Required work
Nothing but an exact copy of the data should be output.

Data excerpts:
_ _ _
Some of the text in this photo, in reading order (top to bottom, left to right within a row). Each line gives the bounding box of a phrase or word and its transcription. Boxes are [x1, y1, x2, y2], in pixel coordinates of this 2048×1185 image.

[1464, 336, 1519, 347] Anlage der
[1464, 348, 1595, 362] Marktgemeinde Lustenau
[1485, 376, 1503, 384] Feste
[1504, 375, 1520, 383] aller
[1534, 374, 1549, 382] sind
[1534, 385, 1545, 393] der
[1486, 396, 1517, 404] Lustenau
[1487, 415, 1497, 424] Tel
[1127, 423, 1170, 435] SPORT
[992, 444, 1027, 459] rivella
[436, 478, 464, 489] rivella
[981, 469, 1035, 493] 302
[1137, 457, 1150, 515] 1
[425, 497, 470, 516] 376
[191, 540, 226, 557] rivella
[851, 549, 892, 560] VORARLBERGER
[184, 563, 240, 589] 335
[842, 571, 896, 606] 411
_ _ _
Answer for this exercise
Some of the text in this photo, in reading order (top to bottom, left to right within a row). Each line gives the bounding box of a phrase or word and its transcription. Boxes are [x1, y1, x2, y2], in pixel coordinates of this 2048×1185 image.

[1464, 336, 1519, 347] Anlage der
[1464, 348, 1595, 362] Marktgemeinde Lustenau
[1485, 376, 1503, 384] Feste
[1504, 375, 1520, 383] aller
[1534, 374, 1549, 382] sind
[1534, 385, 1545, 393] der
[1486, 396, 1517, 404] Lustenau
[1487, 415, 1497, 424] Tel
[1127, 423, 1170, 435] SPORT
[992, 444, 1027, 459] rivella
[436, 478, 464, 489] rivella
[981, 469, 1035, 493] 302
[1137, 457, 1150, 515] 1
[425, 497, 470, 516] 376
[191, 540, 226, 557] rivella
[851, 549, 892, 560] VORARLBERGER
[184, 563, 240, 589] 335
[842, 571, 896, 606] 411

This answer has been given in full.